As you know, the Bavčar/Šrot affair goes way back to 2005, when their respective MBO attempts were part of a larger scheme in which Šrot and Bavčar were given the go-ahead to take over Mercator and then went about taking over the companies they ran by employing a series of what at the time were seen as ingenious business moves, while Janez Janša and his government were given undue influence if not operative control over Delo, the nation’s largest broadsheet daily.

All these grand schemes have now crumbled to sand-dust and the symbolism of this cannot be overstated. On one hand we have nothing short of collapse of the grandeur of Slovenian independence. Sure, one could argue that the supposed virginity of this nation’s statehood was lost at least when the scope and systemic nature of the “erasure” became known, but still. Janša and Bavčar, two of the architects of Slovenian independence, who sought and were usually granted cult status, have now been found guilty of abuse of powers. The mighty have truly fallen.

If Bavčar and Janša represent the new political elite, then Boško Šrot is the epitome of the new economic elite. The nouveau riche of Slovenia. Having been hand-picked sucessor to Tone Turnšek, the guy who made Laško a serious player in the drinks industry, Šrot (who played a big role in Laško takeover of Ljubljana-based Union Brewery) went about wrapping up Laško’s hold on much of Slovenian economy: drinks, retail, media… You name it. Together with Bavčar’s Istrabenz which (to use a hase popular at the time) “consolidated” the foods industry, there was little he couldn’t do.
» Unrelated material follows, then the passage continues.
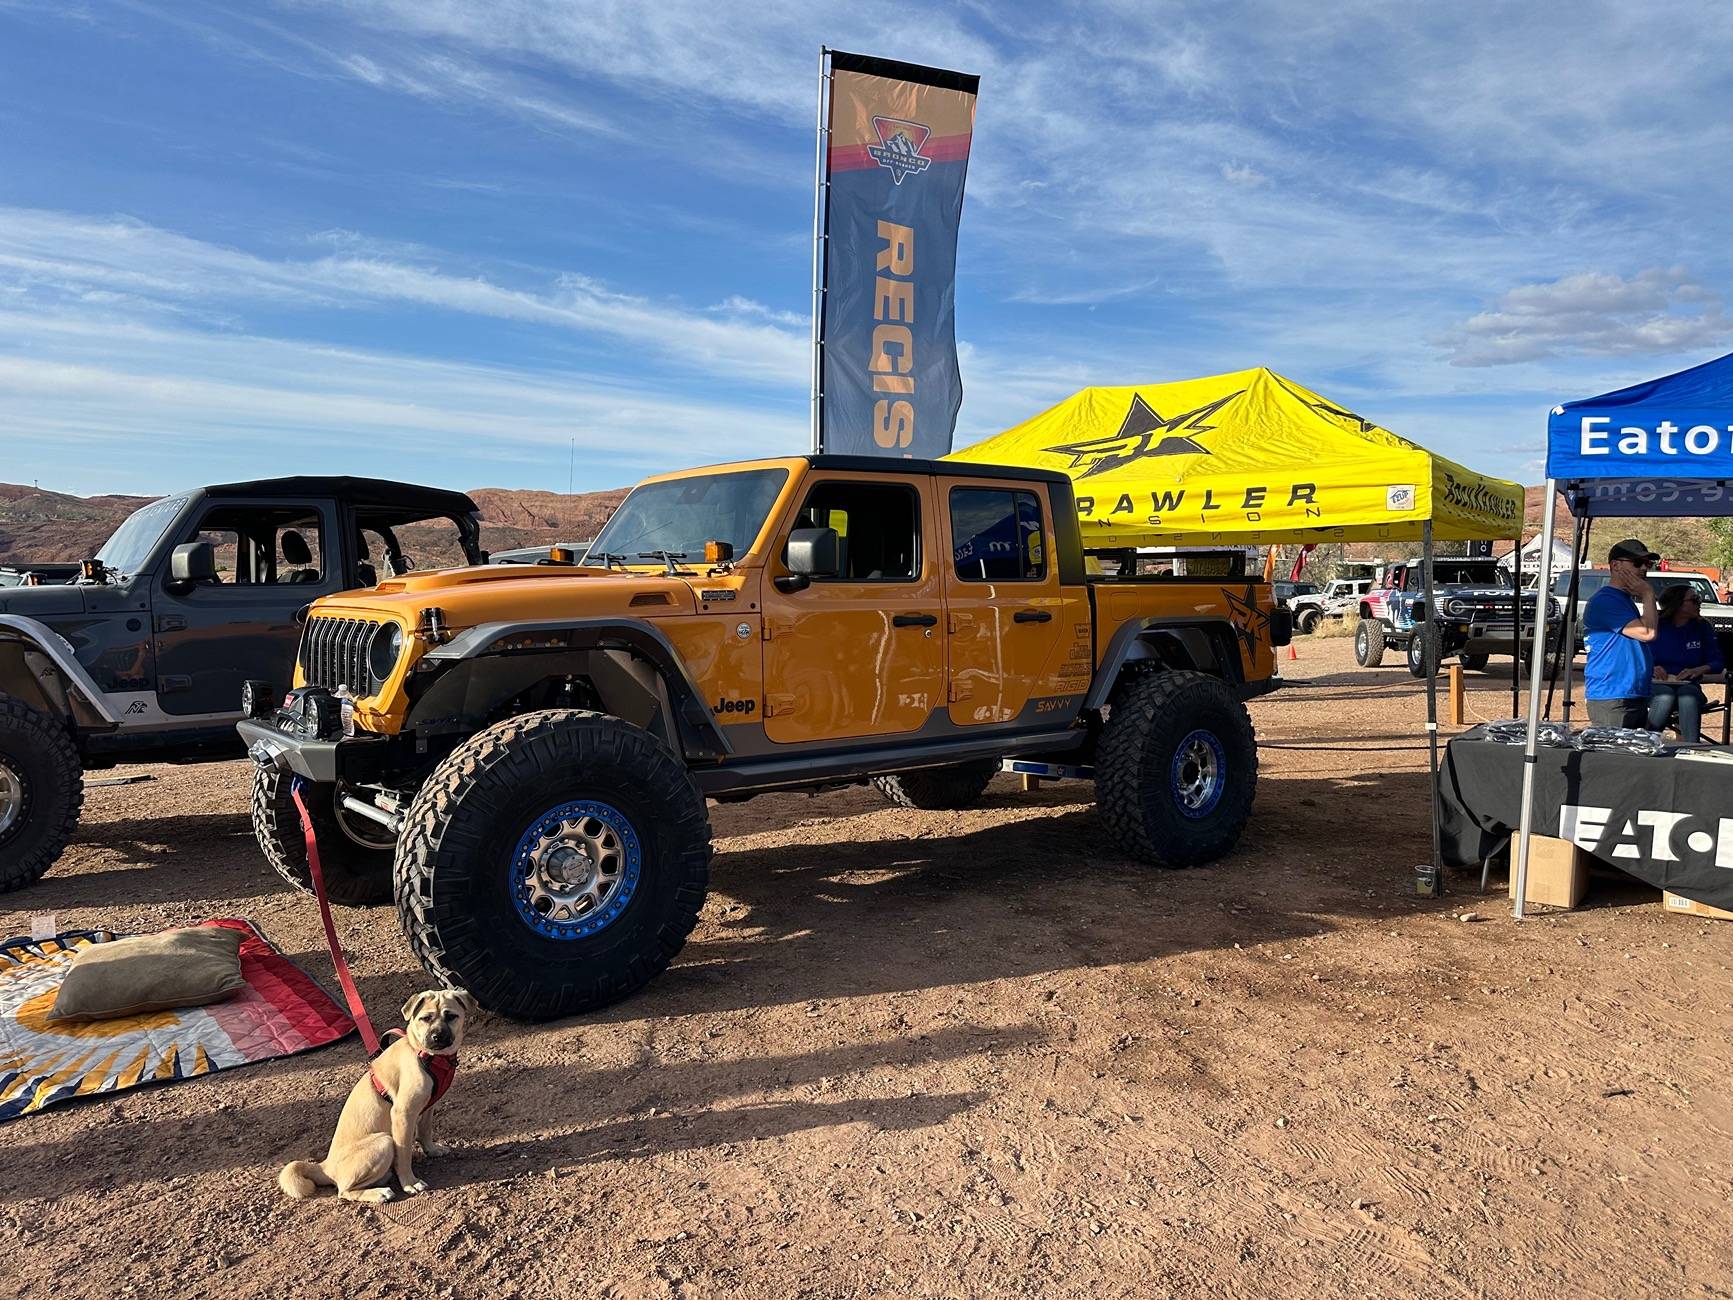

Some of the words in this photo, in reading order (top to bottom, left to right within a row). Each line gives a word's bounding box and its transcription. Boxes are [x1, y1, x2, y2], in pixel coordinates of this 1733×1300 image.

Including help Bavčar try to take over Istrabenz.

Instead it all ended in tears, with Šrot now poised to join the ranks of fallen “pillars of economy”, construction bosses Hilda Tovšak, Ivan Zidar and Dušan Černigoj as well as former big retail kahuna Bine Kordež of Merkur, who was just recently locked up for six years on a similar charge.

Combined with the swift fall from grace experienced by Dimitrij Rupel, who in this constellation of the fallen represents those feel are simply entitled to powerful and prestigious positions, what we have here is a fairly quick disintegration of an important part of the ruling political class.

As for reasons for this, we can safely point the finger at the winter popular uprisings. It seems that apart from removing Janša from power, those were instrumental in breaking the spell politics had on various other sub-systems of the society. This includes the judiciary which was under nearly constant attacks over its incompetence and – truth be told – as time passed, these claims seemed to have ever more merit. But as if the uprisings showed that things can indeed be achieved if you try hard enough, the judiciary appears to have applied the principle of the rule of law primarily to those, who have gamed it for years on end and who – perversely – were the first to point out its inefficiencies whenever it suited them.

Just as in Janša’s case, the verdict against Bavčar and Šrot will in all likelihood be appealed at the Higher Court (OT: go see Rolig’s comment on “innocent until proven guilty”) But on the whole, the old adage has once again been confirmed: Karma is a bitch.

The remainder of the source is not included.